Exercise:
Please transcribe the listing that follows exactly; images are to be excluded.

Excerpted records:
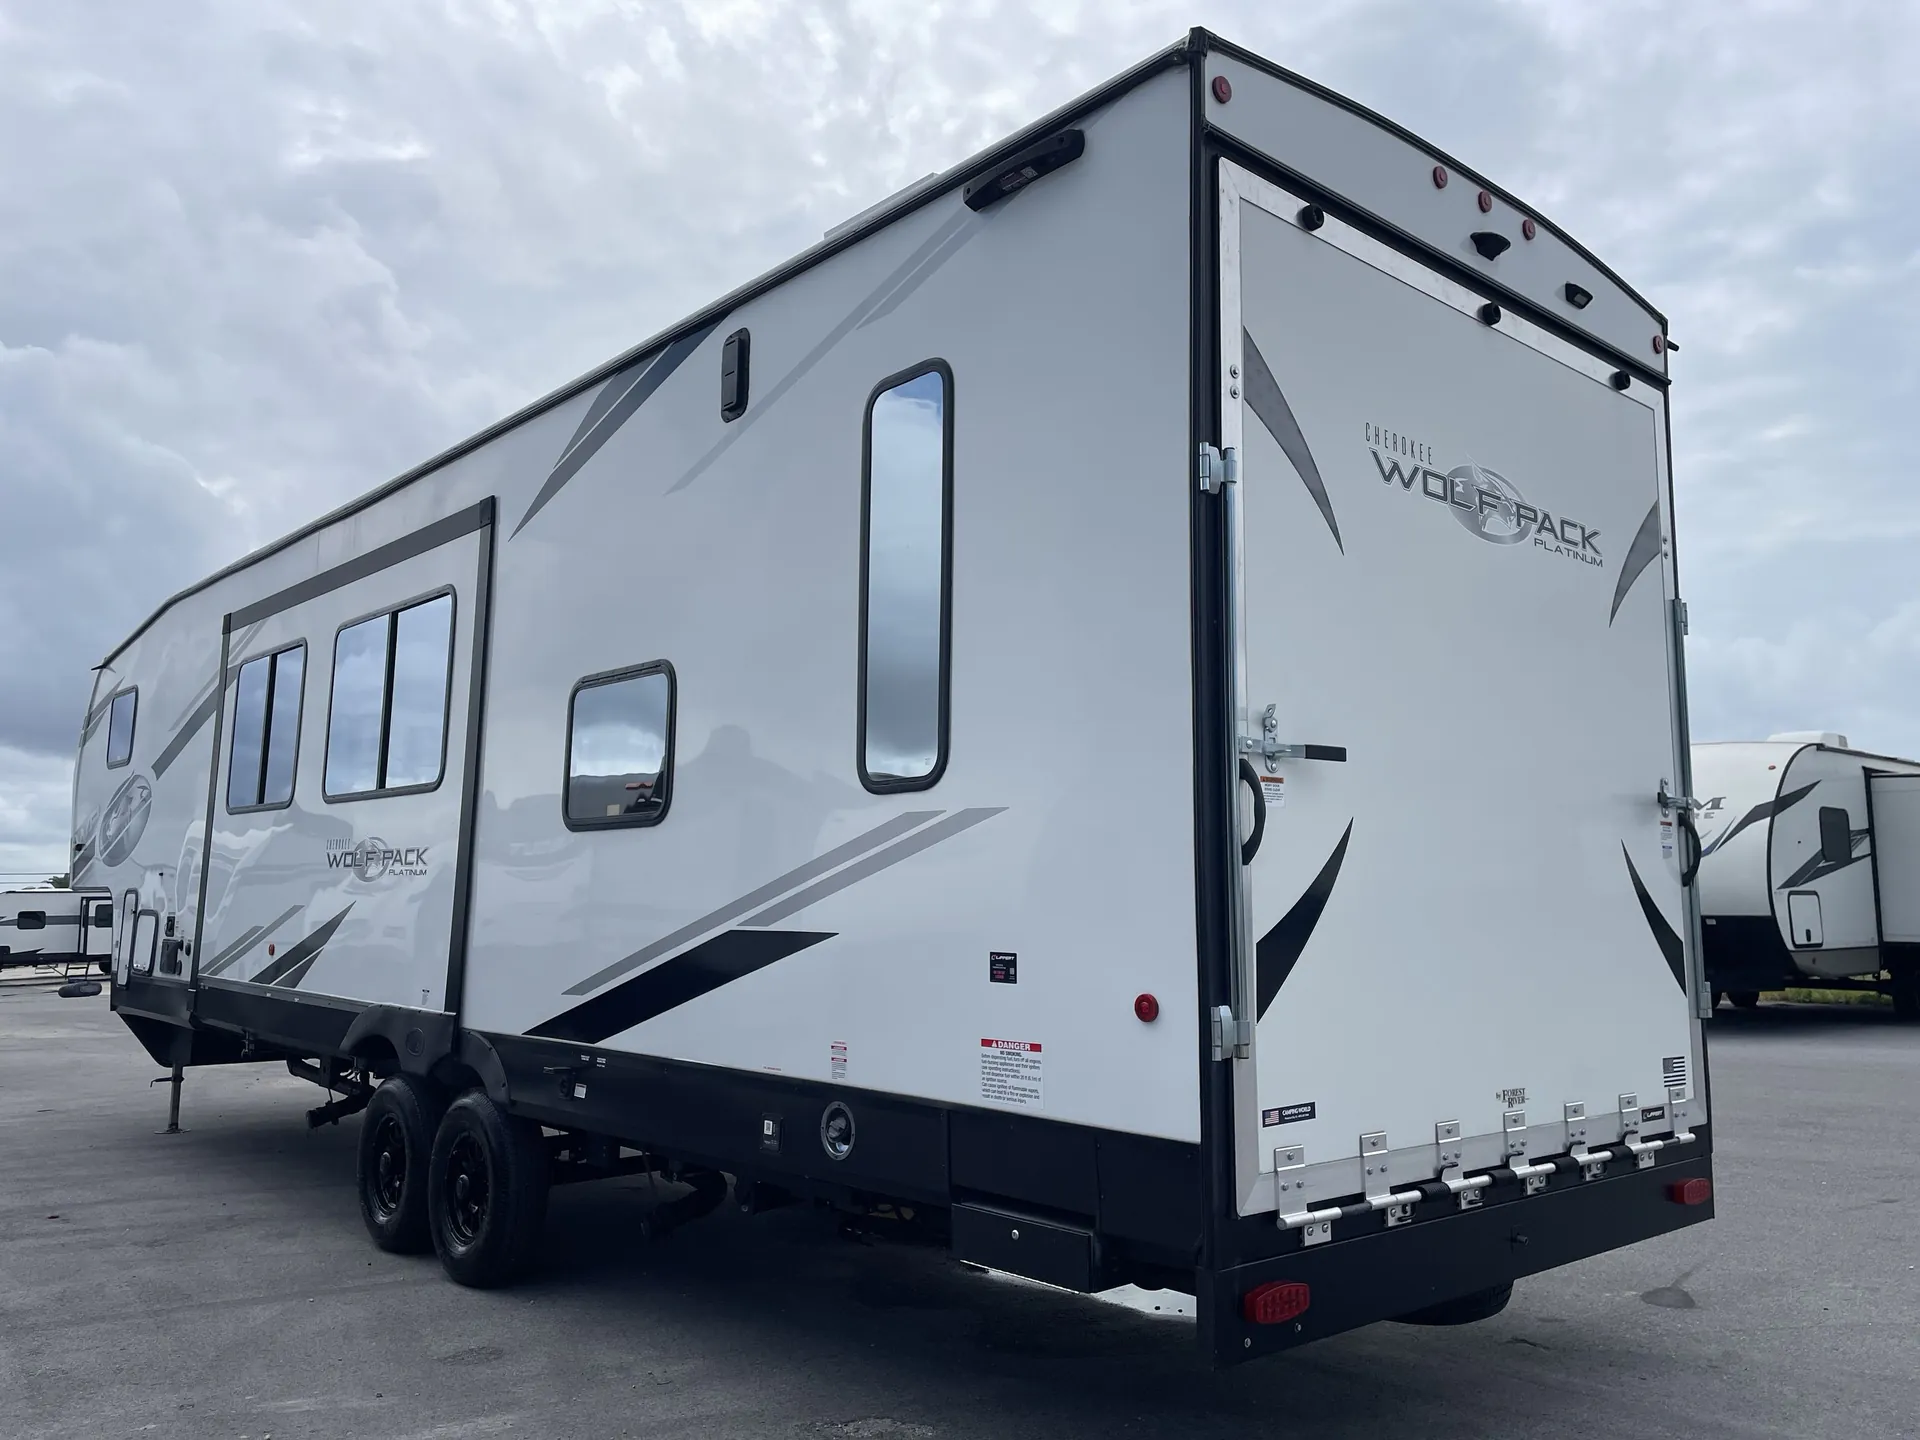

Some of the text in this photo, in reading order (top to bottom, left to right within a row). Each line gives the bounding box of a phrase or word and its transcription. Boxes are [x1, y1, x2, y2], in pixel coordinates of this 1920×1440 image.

[1366, 422, 1432, 465] CHEROKEE
[1369, 447, 1602, 557] WOLF PACK
[1534, 537, 1603, 567] PLATINUM
[326, 847, 429, 868] WOLF PACK
[998, 1041, 1031, 1051] DANGER
[1502, 1088, 1526, 1101] FOREST
[1507, 1096, 1526, 1108] RIVER

Exercise result:
Some of the text in this photo, in reading order (top to bottom, left to right within a row). Each line gives the bounding box of a phrase or word and its transcription. Boxes are [x1, y1, x2, y2], in pixel coordinates of this 1920×1440 image.

[1366, 422, 1432, 465] CHEROKEE
[1369, 447, 1602, 557] WOLF PACK
[1534, 537, 1603, 567] PLATINUM
[326, 847, 429, 868] WOLF PACK
[998, 1041, 1031, 1051] DANGER
[1502, 1088, 1526, 1101] FOREST
[1507, 1096, 1526, 1108] RIVER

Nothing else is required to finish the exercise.